The acquisition from the privately-held trading group Trafigura, and the UAE’s sovereign wealth fund Mubadala, not only transforms Sandfire, it transforms the shape and optionality of investor choice on the ASX for base metals exposure.
Nestled amongst eucalypts and orange groves about 130km from Seville, MATSA is a modern-day continuation of a copper-lead-zinc production history on the colossal Iberian Pyrite Belt (IPB) that dates back more than 3,000 years.
The IPB is where Rio Tinto got its start as a copper producer in the 1860’s from deposits along the Red River which flows down to the port at Huelva, which is where MATSA concentrates head off to smelters in Europe and China.
Sandfire has been stalking MATSA for four and a half years, giving it an edge in the competitive process kicked off in recent times by the Trafigura/Mubadala combo.
Mid-tier miners like South32, Canada’s Hudbay, and Mexico’s Grupo Mexico, have all been named in reports in recent months on the competitive process, making the fact that Sandfire has secured MATSA for a price that is twice its undisturbed market cap a remarkable achievement.
The early reaction from analysts naturally enough was that having won a competitive process, Sandfire must be paying too much.
Sandfire obviously doesn’t see things that way. It points to the background information it had on MATSA from its 4.5 years of stalking, and its ability to move quickly by securing the deal with an initial $US100 million deposit as factors which gave it the edge.
Its flexibility came through in the support for the financing package – $A897 million from an underwritten debt facility secured by MATSA, $A1.248 billion from an underwritten equity raising, $A297 million from existing cash reserves, and the draw-down of $A200 million debt facility.
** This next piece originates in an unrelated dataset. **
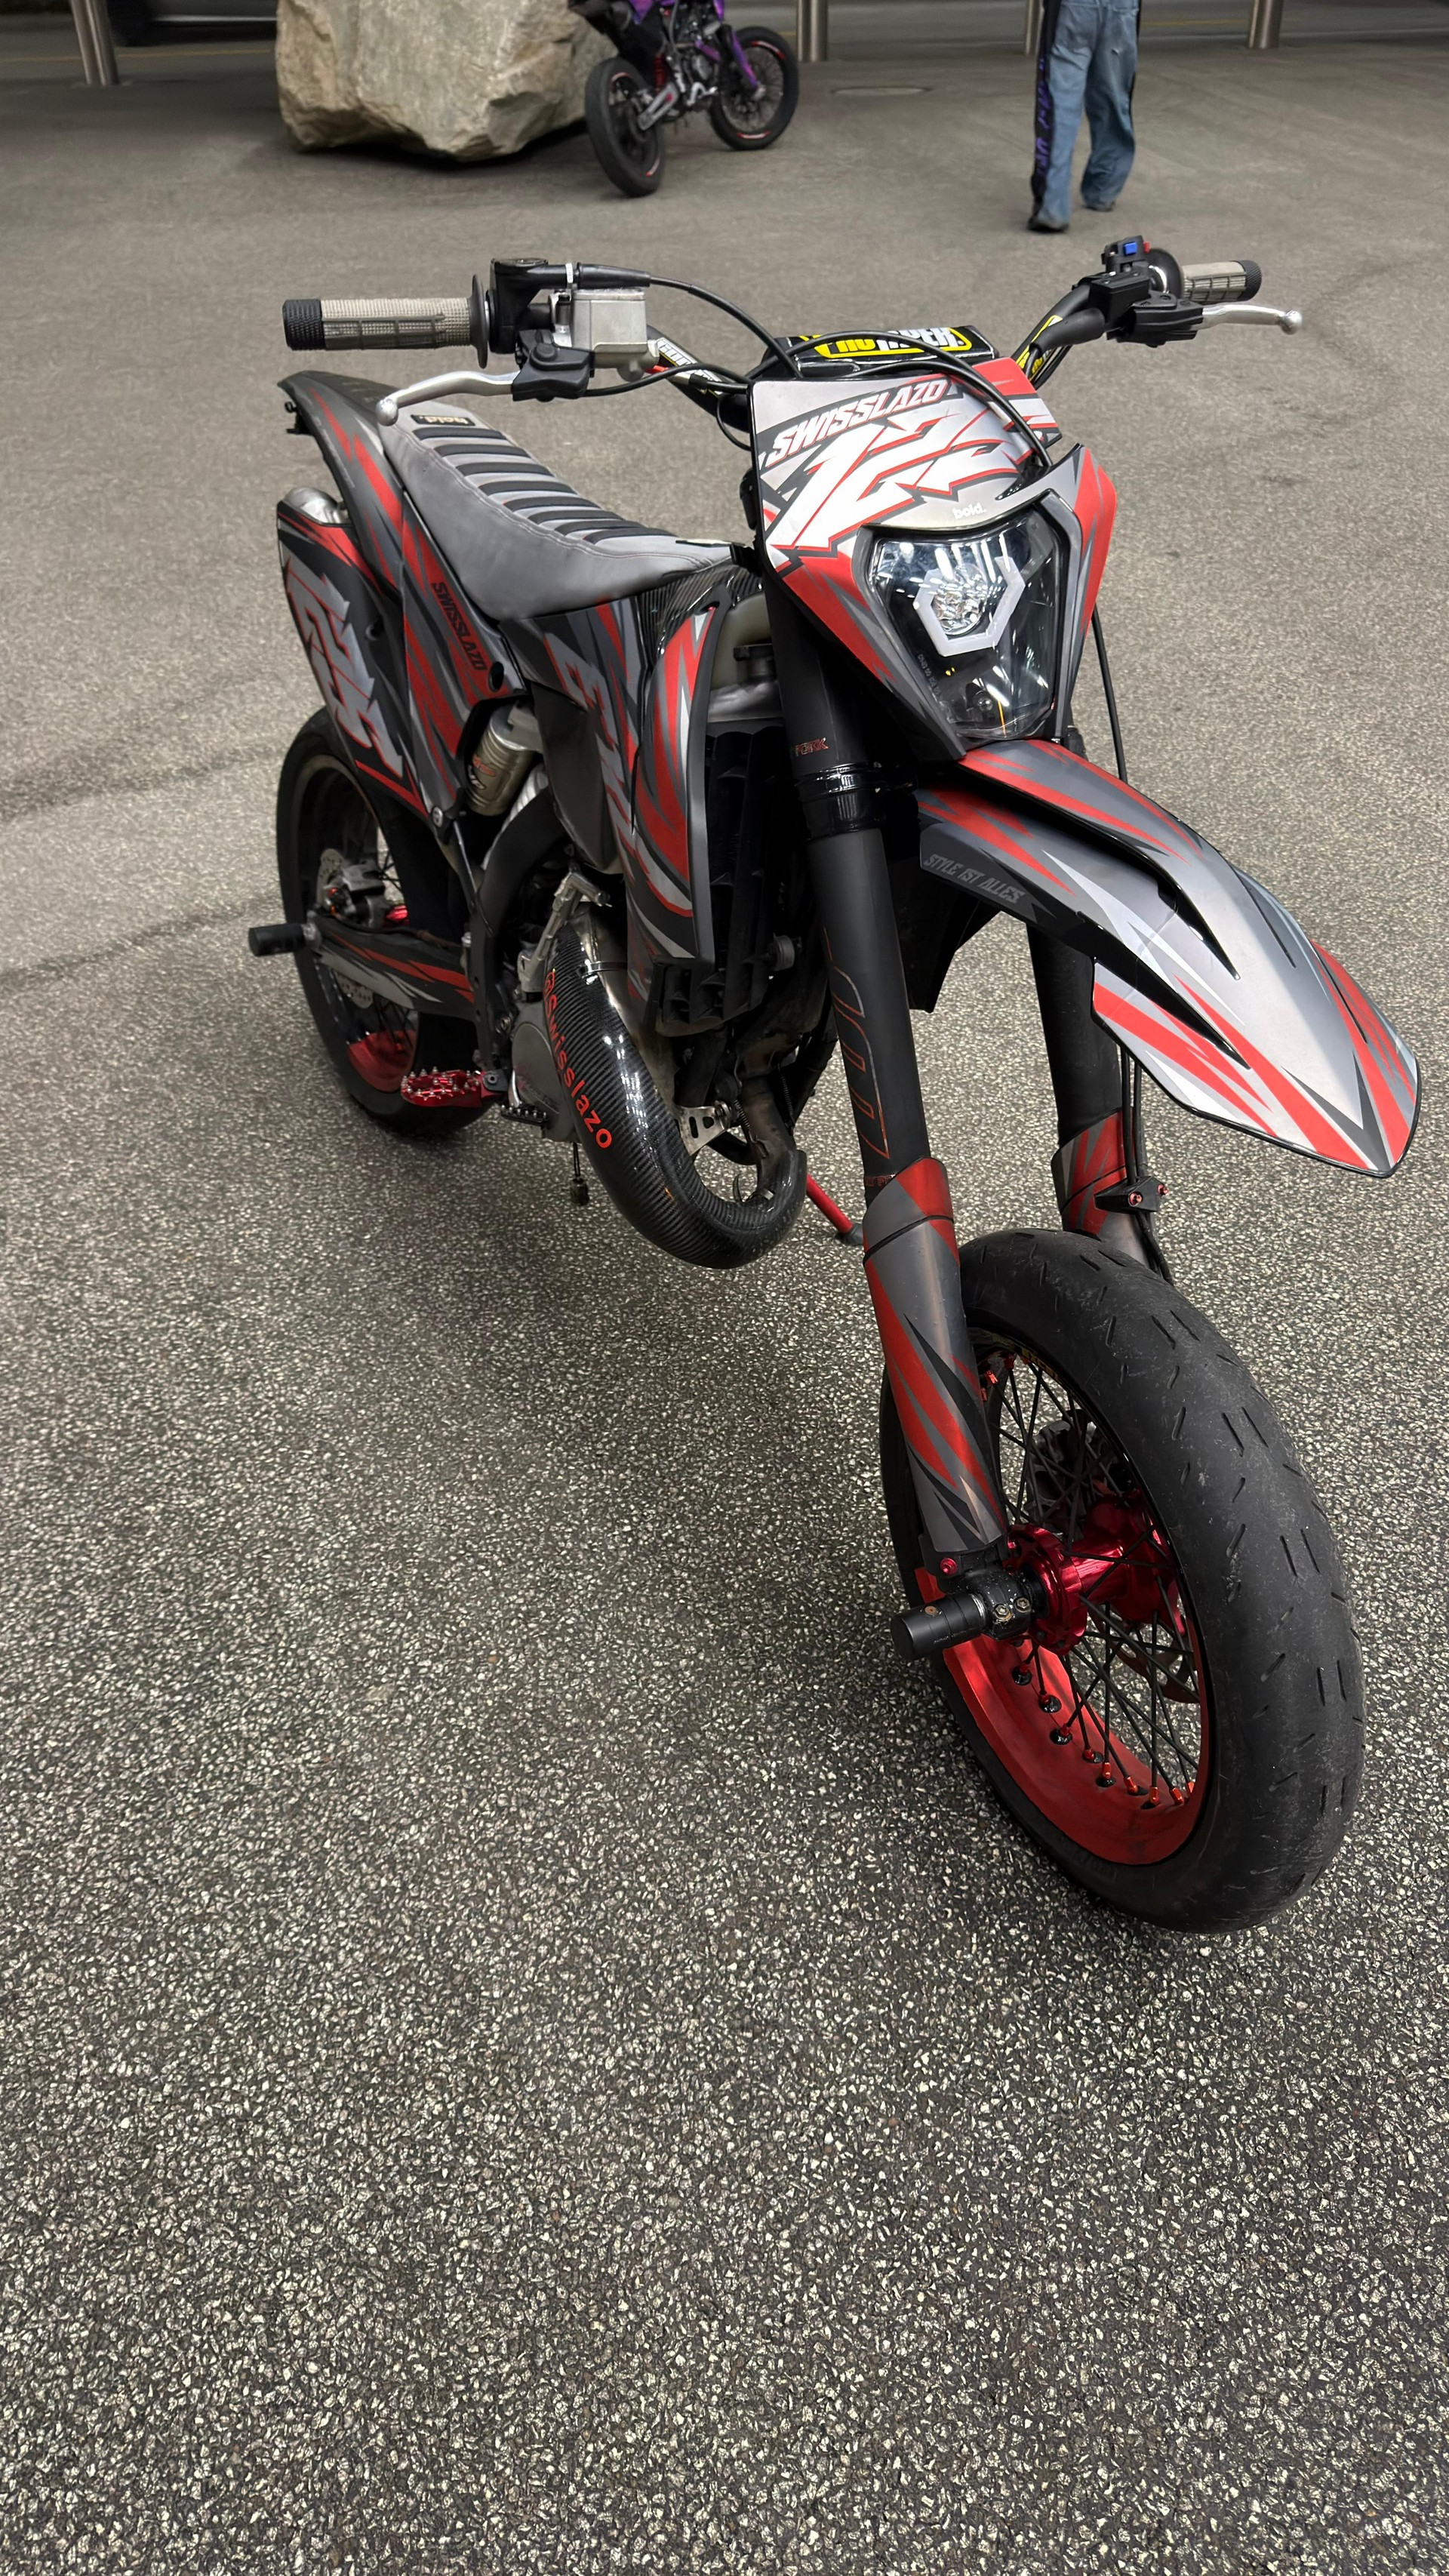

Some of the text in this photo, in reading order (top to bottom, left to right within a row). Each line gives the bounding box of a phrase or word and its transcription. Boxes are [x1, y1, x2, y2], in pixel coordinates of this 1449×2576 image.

From its three underground mines, MATSA produces 100,000-120,000tpa of copper equivalent (copper accounts for 60-70% of revenue) from a 4.7mtpa processing plant, at a cash cost after by-product metals of US40-60c/lb copper equivalent.
More to the point, the acquisition price implies an acquisition multiple of 4.8x MATSA’s bushfire- and COVID-impacted FY2021 EBITDA of $US387 million compared with the 6-8x MATSA’s global peers attract on average.
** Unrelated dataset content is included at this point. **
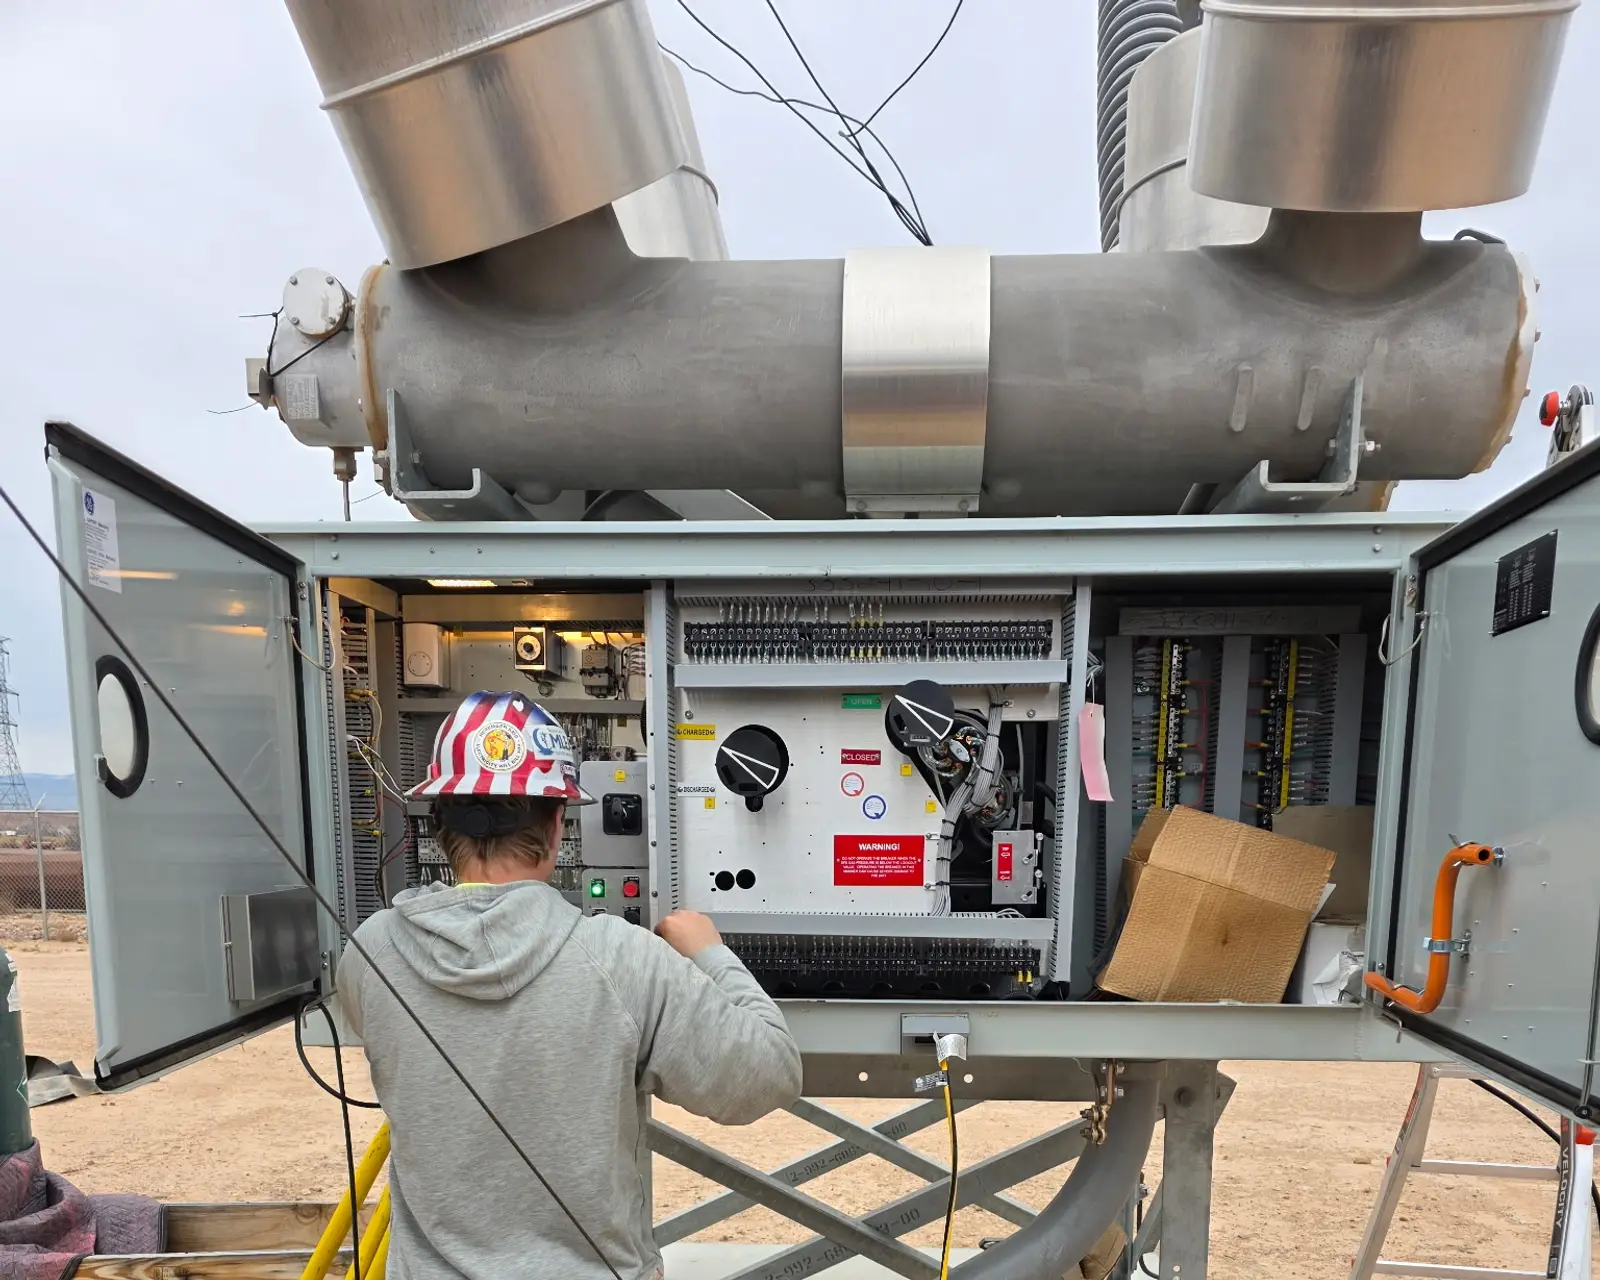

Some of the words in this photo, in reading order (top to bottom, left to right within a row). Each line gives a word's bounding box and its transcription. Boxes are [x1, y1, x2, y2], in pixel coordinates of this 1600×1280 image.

[846, 754, 876, 762] CLOSED
[858, 843, 900, 851] WARNING!
[1555, 1146, 1569, 1230] VELOCITY
A 4.8x multiple for an operation with Tier-1 credentials is as good as it gets in the copper space, remembering that it is metal that most have bumping along at its current elevated pricing of $US4.20/lb for a couple of years before taking off in response to structural supply deficits caused by the world’s decarbonisation and electrification efforts.
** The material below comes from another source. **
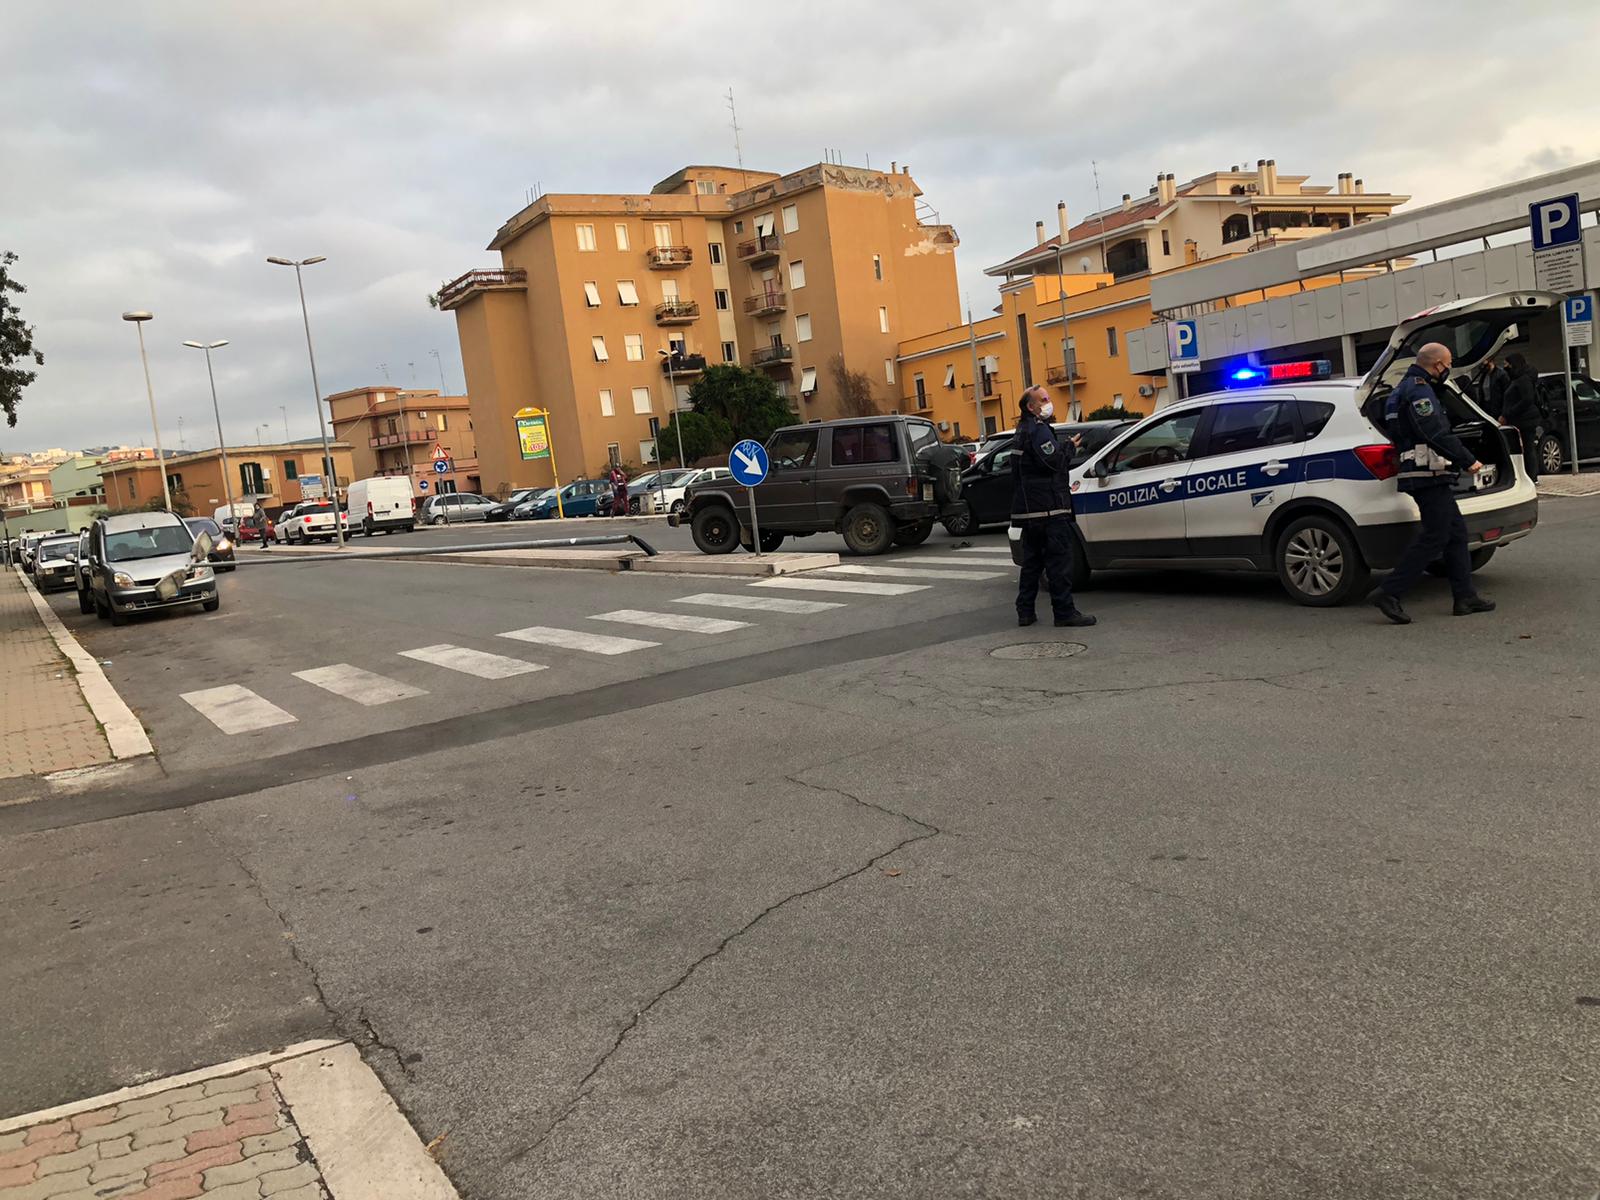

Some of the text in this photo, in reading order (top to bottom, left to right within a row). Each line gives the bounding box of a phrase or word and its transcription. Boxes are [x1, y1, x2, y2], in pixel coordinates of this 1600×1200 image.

[1540, 202, 1570, 245] P
[1571, 299, 1586, 320] P
[1175, 324, 1193, 357] P
[1109, 471, 1247, 507] POLIZIA LOCALE
From an ASX perspective, Sandfire’s copper (equivalent) production shoots from 72,000tpa to 182,000tpa in FY2022, taking it past OZ Minerals at 173,000t. So the discount in Sandfire’s pre-MATSA share price should be unwound on conclusion of the deal.
Importantly for a company dogged for years by a looming production gap, MATSA comes with a 12-year resource life (six years from ore reserves), with a clear pathway to a multi-decade life from the conversion of additional resources to reserves.
A low-cost expansion plan to a processing rate of 5mtpa has already been worked on by the MATSA joint venture and Sandfire will be looking to bank further upside from more of the VMS-style deposits in the region, and a tweaking of the mining method to capture more of the high-grade material.
Deals like MATSA don’t come along very often. That Sandfire has been able to secure the operation against a backdrop of the “hot” copper market, and against some stiff competition and at a price that Simich says represents fair value, is worth celebrating.
It’s el problema is a thing of the past.